The following court case, described in the Australian Doctor (behind a paywall) was brought to my attention by an old friend.

Screen capture from the Australian Doctor website.


Essentially, a young boy slipped on wet concrete and developed an open fracture of his thumb in 2011. He was treated at a Sydney hospital, receiving IV flucloxacillin as the antibiotic stewardship guideline-recommended prophylaxis before being discharged with oral amoxicillin-clavulanate. Some time later, the thumb became gangrenous and an amputation was carried out. Anaerobes were apparently cultured.

The judge ruled for the boy’s family against the hospitals, agreeing with their medical expert that “there were special circumstances” that meant that the hospital’s antibiotic guidelines were not applicable in this particular case. The judge also questioned whether such guidelines were meant to be followed “slavishly, as in a box-ticking exercise”, or required interpretation on a case by case basis based on the doctors’ experience. 

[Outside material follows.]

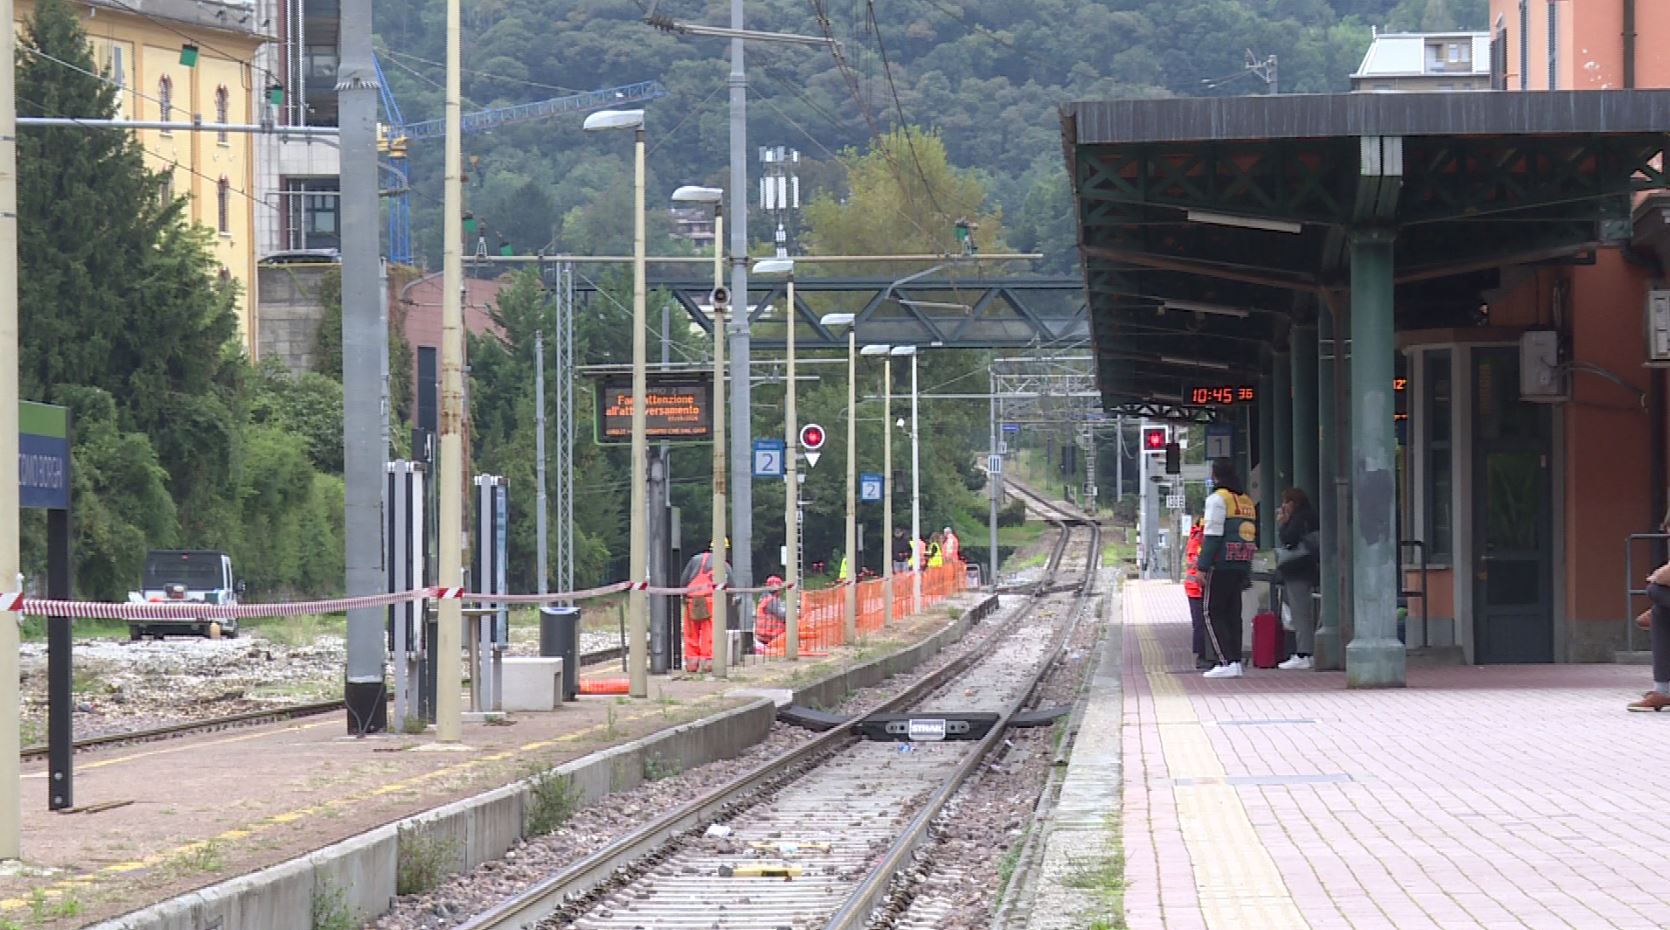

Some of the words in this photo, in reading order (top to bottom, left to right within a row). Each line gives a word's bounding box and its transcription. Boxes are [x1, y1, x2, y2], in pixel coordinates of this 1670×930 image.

[1193, 388, 1233, 404] 10:45
[1238, 388, 1253, 400] 36
[762, 453, 774, 471] 2
[867, 483, 876, 497] 2

The family’s medical expert apparently suggested that if a broad spectrum antibiotic “such as gentamicin” had been added to the initial antibiotic prophylaxis, the amputation might have been averted. This is technically incorrect (gentamicin has minimal anaerobic activity), but it does not diminish the overall point that at the end of the day, guidelines and clinical decision support systems (CDSS’) are just that – and not an absolute substitute for clinical judgment.

There is an underlying insidious and perhaps paradoxical issue here, however. As we depend more and more on evidence-based medicine, guidelines, and especially CDSS’, how do we prevent the gradual deterioration of clinical judgment and experience in our and subsequent generations of physicians?